▶ **SOURCE MATERIAL**:
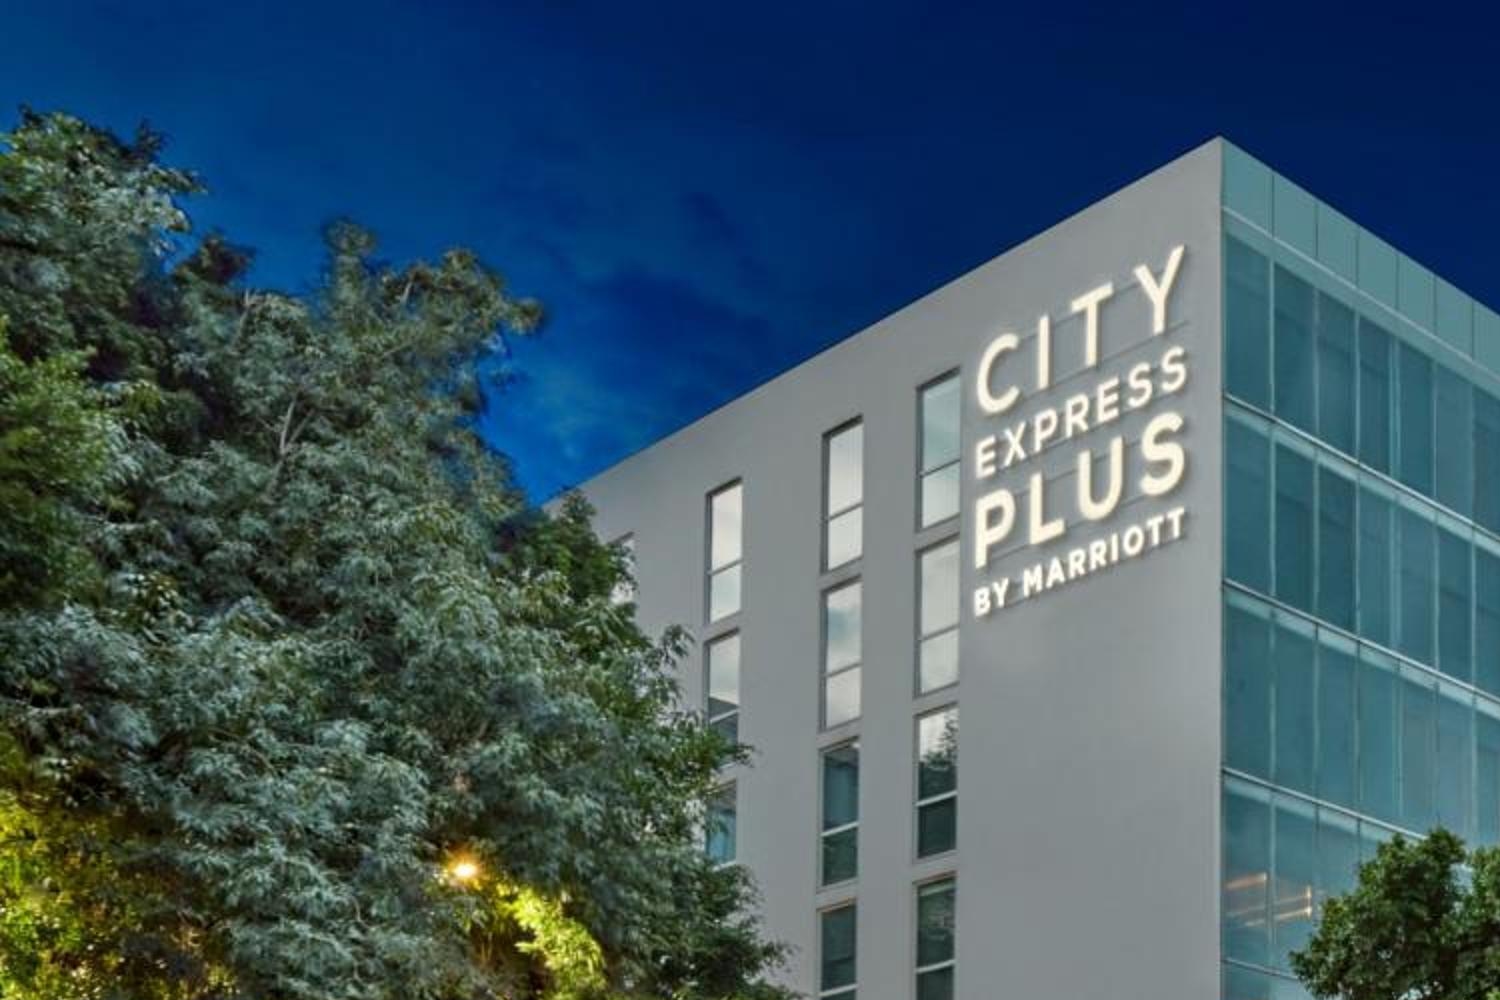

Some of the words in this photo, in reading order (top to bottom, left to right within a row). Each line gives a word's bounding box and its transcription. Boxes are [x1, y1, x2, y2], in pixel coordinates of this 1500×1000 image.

[976, 244, 1185, 413] CITY
[976, 346, 1187, 479] EXPRESS
[974, 577, 1009, 617] BY
[1023, 507, 1186, 598] MARRIOTT
[975, 412, 1186, 569] PLUS

▶ **TRY IT**:
Everything in the material above is to be reproduced exactly, pictures aside.

▶ **TASK OUTPUT**:
Some of the words in this photo, in reading order (top to bottom, left to right within a row). Each line gives a word's bounding box and its transcription. Boxes are [x1, y1, x2, y2], in pixel coordinates of this 1500×1000 image.

[976, 244, 1185, 413] CITY
[976, 346, 1187, 479] EXPRESS
[974, 577, 1009, 617] BY
[1023, 507, 1186, 598] MARRIOTT
[975, 412, 1186, 569] PLUS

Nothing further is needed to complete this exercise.